Collected data
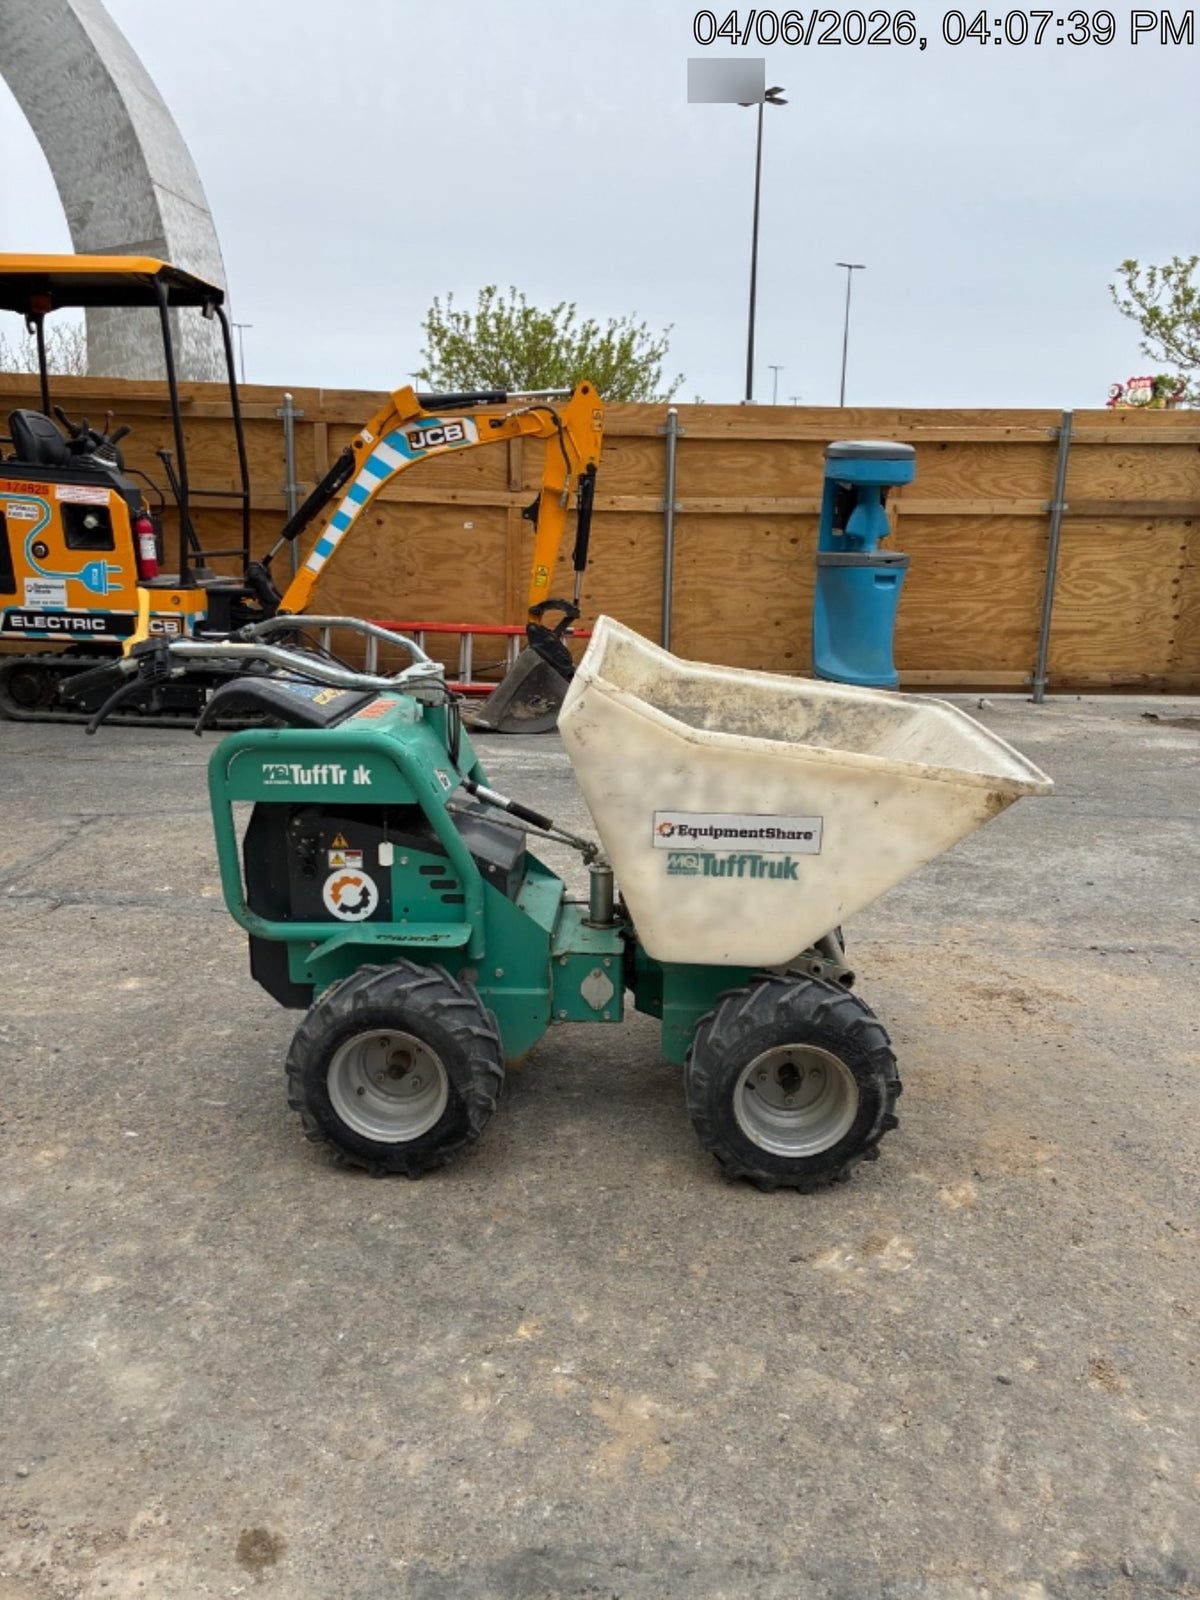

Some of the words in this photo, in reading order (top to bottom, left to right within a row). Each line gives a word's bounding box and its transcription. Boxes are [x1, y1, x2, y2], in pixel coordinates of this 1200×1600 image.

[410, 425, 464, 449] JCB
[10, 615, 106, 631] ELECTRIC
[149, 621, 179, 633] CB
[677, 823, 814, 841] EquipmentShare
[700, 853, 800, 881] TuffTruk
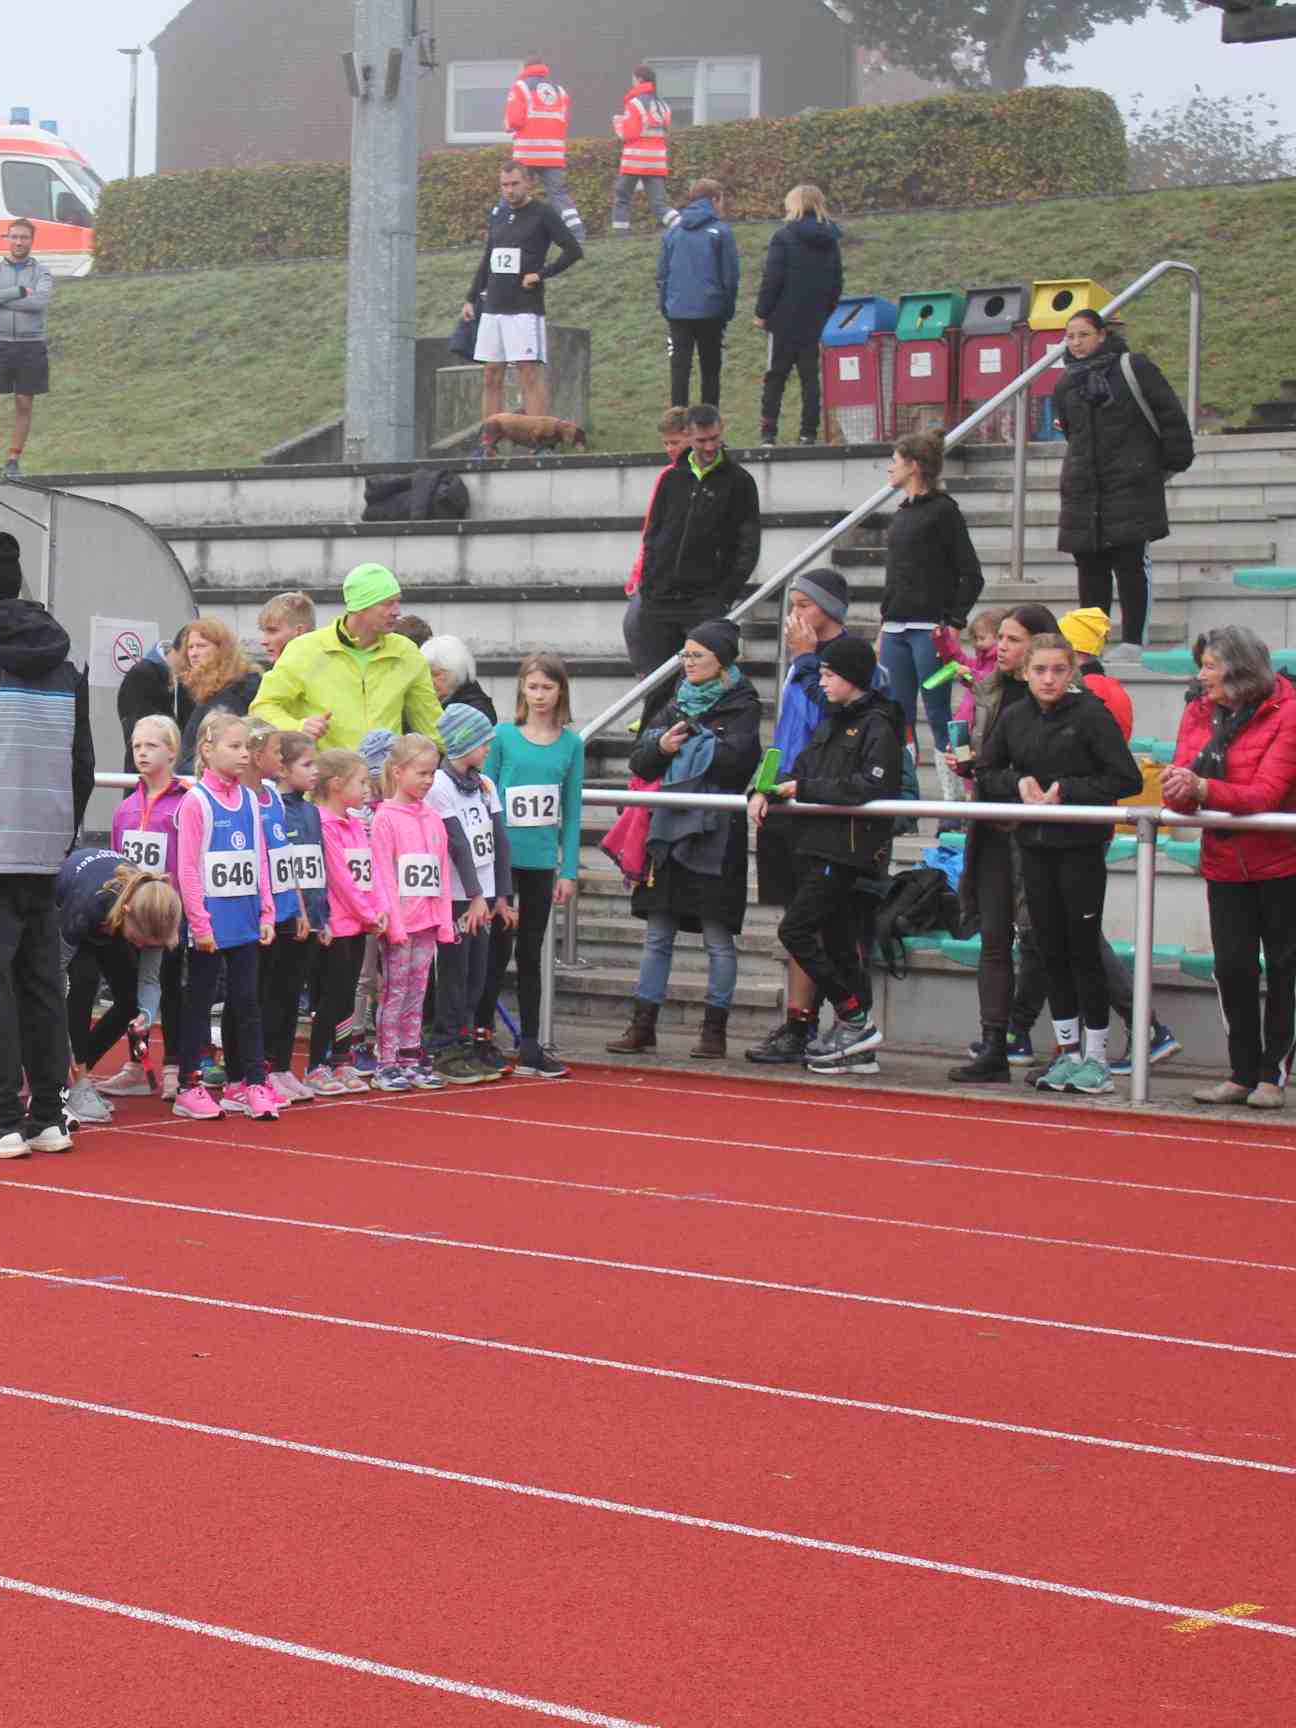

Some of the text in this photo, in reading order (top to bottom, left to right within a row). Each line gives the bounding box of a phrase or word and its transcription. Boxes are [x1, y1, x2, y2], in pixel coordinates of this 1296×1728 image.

• _Your goal_:
Your answer must be an exact copy of the data above, minus its pictures.

• _Expected output_:
Some of the words in this photo, in reading order (top to bottom, left to right within a row). Each line gives a word's bounding box and its transcription. Boxes are [x1, y1, x2, y2], in pixel coordinates of this 1200×1600 image.

[410, 425, 464, 449] JCB
[10, 615, 106, 631] ELECTRIC
[149, 621, 179, 633] CB
[677, 823, 814, 841] EquipmentShare
[700, 853, 800, 881] TuffTruk

Some of the text in this photo, in reading order (top to bottom, left to right within a row). Each line gives the bounding box of a phrase or word and its transcription. Boxes are [x1, y1, x2, y2], in pixel coordinates of this 1296×1728 image.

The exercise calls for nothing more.